Huang Yizhong

Personal information
- Native name: 黄奕中 (Chinese); Huáng Yìzhōng (Pinyin);
- Full name: Huang Yizhong
- Born: August 24, 1981 (age 44) Changsha, China

Sport
- Teacher: Luo Jianwen
- Rank: 7 dan
- Affiliation: Chinese Weiqi Association

= Huang Yizhong =

Chinese professional Go player (born 1981)
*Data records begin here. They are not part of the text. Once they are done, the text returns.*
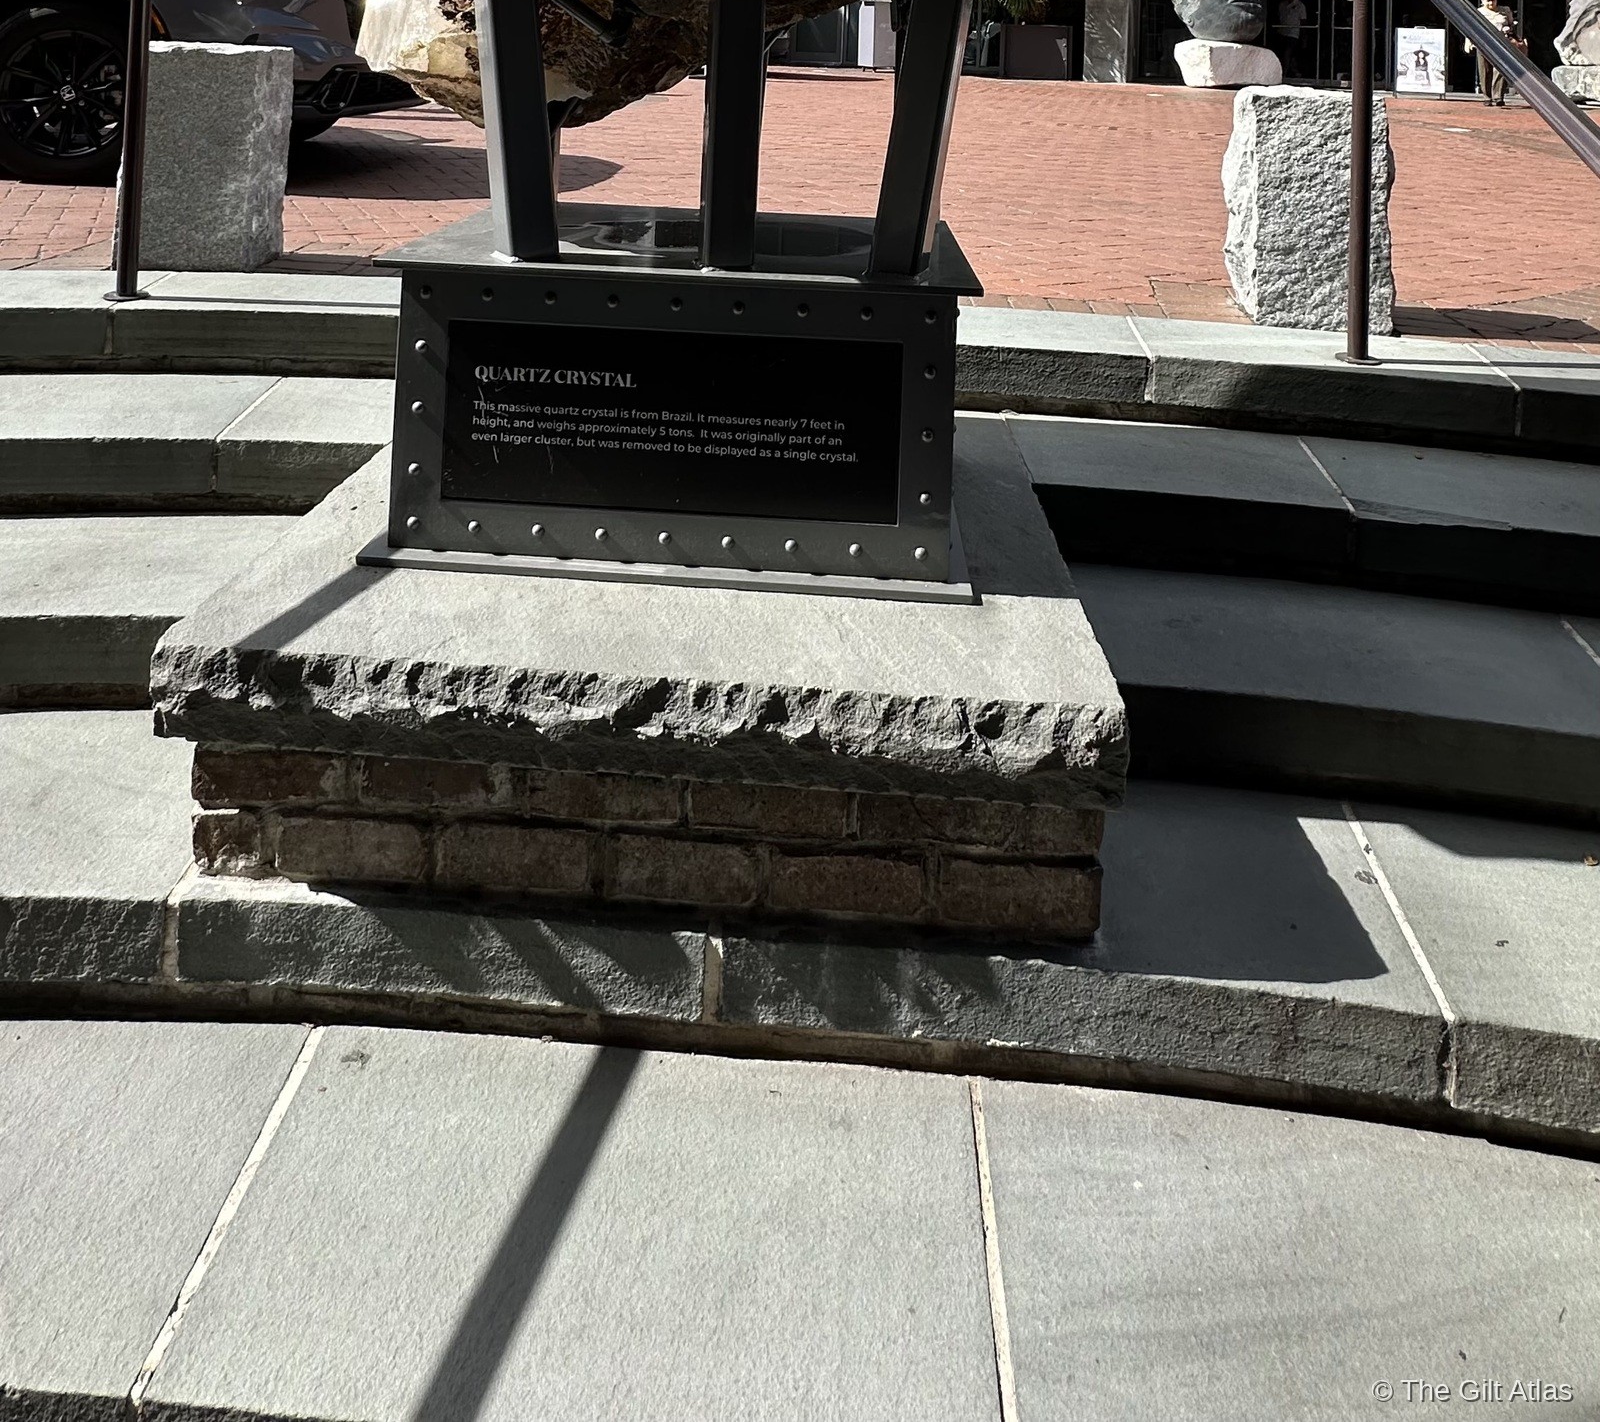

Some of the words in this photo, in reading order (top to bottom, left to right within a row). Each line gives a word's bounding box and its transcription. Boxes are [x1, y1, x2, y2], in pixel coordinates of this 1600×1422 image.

[475, 365, 551, 383] QUARTZ
[554, 370, 637, 388] CRYSTAL
[473, 401, 495, 411] This
[498, 403, 541, 413] massive
[544, 406, 578, 416] quartz
[582, 408, 618, 418] crystal
[621, 409, 629, 418] is
[631, 410, 658, 420] from
[662, 411, 694, 422] Brazil.
[698, 413, 705, 423] It
[708, 415, 761, 426] measures
[764, 418, 798, 429] nearly
[801, 419, 807, 428] 7
[810, 419, 832, 429] feet
[834, 421, 845, 430] in
[472, 416, 511, 428] height,
[513, 417, 534, 428] and
[537, 420, 576, 431] weighs
[578, 423, 657, 437] approximately
[659, 427, 666, 435] 5
[669, 428, 695, 438] tons.
[700, 429, 708, 438] It
[711, 431, 732, 439] was
[735, 431, 786, 444] originally
[789, 435, 811, 444] part
[815, 435, 825, 444] of
[828, 436, 842, 445] an
[471, 433, 498, 442] even
[500, 433, 532, 444] larger
[535, 435, 574, 447] cluster,
[577, 437, 595, 447] but
[598, 440, 620, 448] was
[622, 440, 671, 451] removed
[674, 442, 685, 452] to
[687, 444, 701, 453] be
[704, 444, 757, 457] displayed
[759, 449, 771, 457] as
[783, 450, 817, 461] single
[820, 452, 858, 463] crystal.
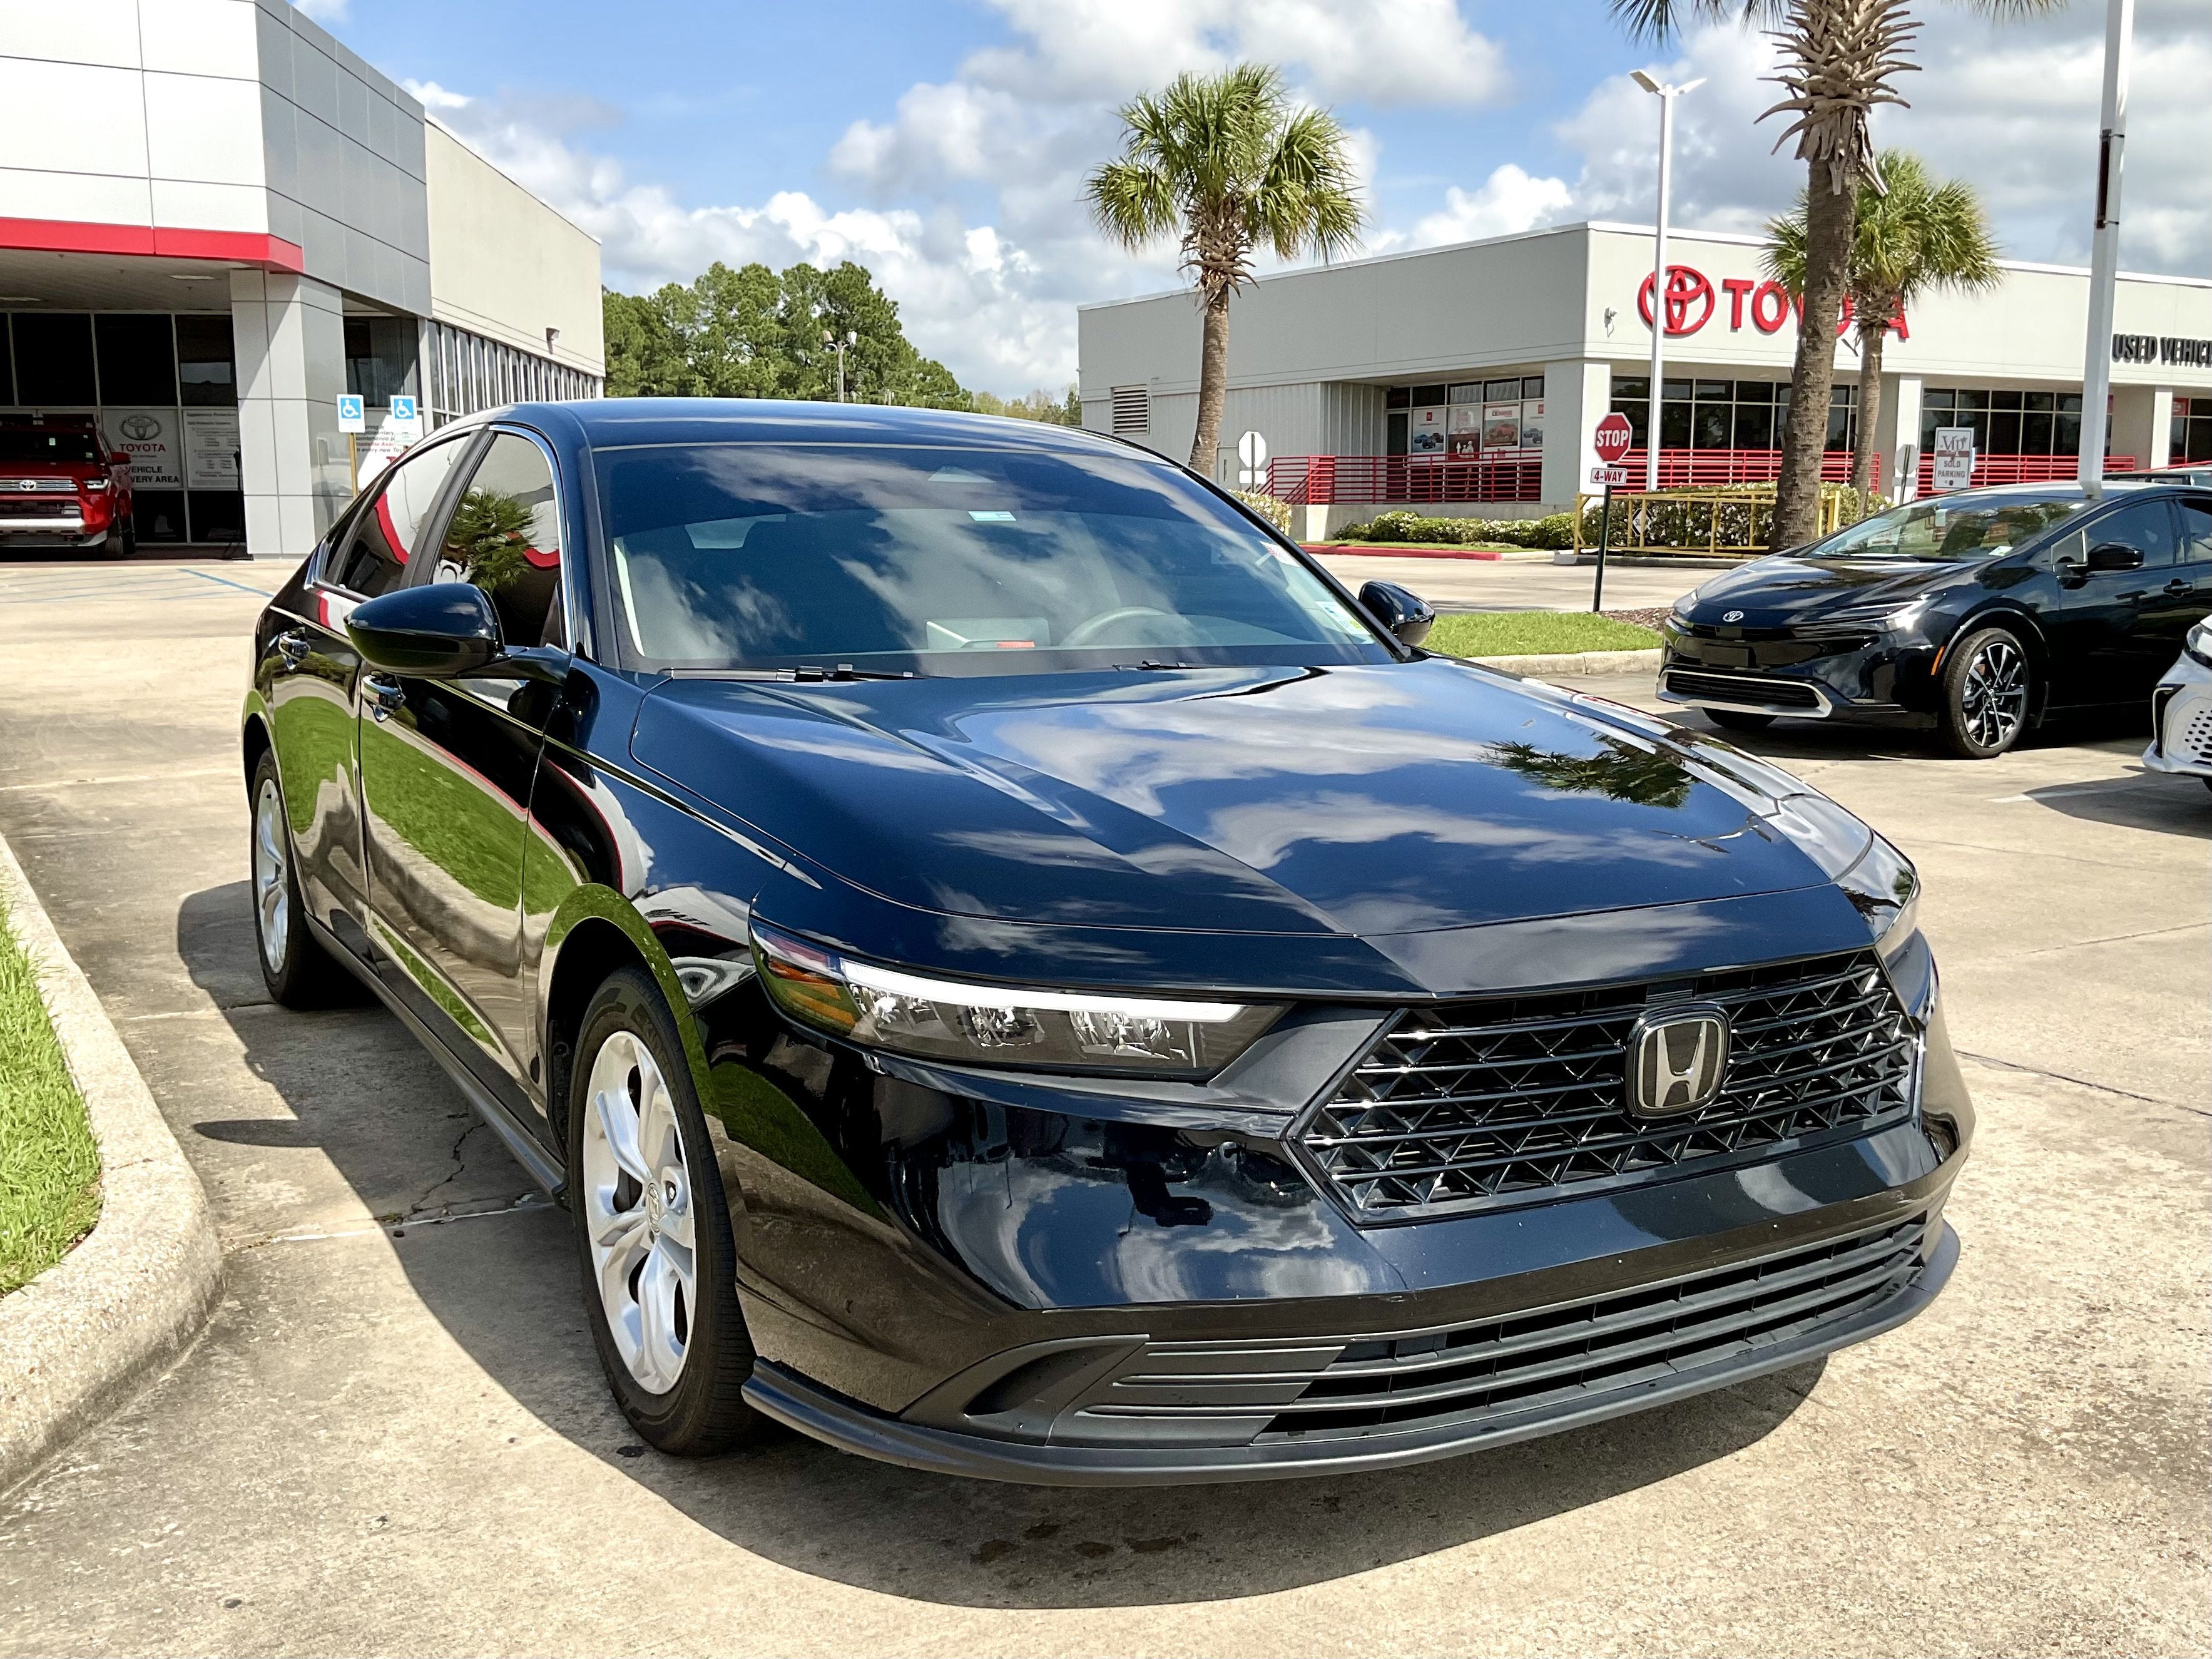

Huang Yizhong (born August 24, 1981) is a Chinese professional Go player.

== Biography ==
Huang began playing Go at the age of 7. By the time he turned 11, he had entered his province's Go team. At 14, he was a part of the National Youth Go Team. Huang turned professional in 1994, a year before joining the team. He is currently 7 dan, since 2008. His biggest accomplishment was winning the Tianyuan title in 2002 over Chang Hao, which ended Chang Hao's five year-run with the title. However, Huang lost the title the next year to Gu Li, who has now held it for four years straight.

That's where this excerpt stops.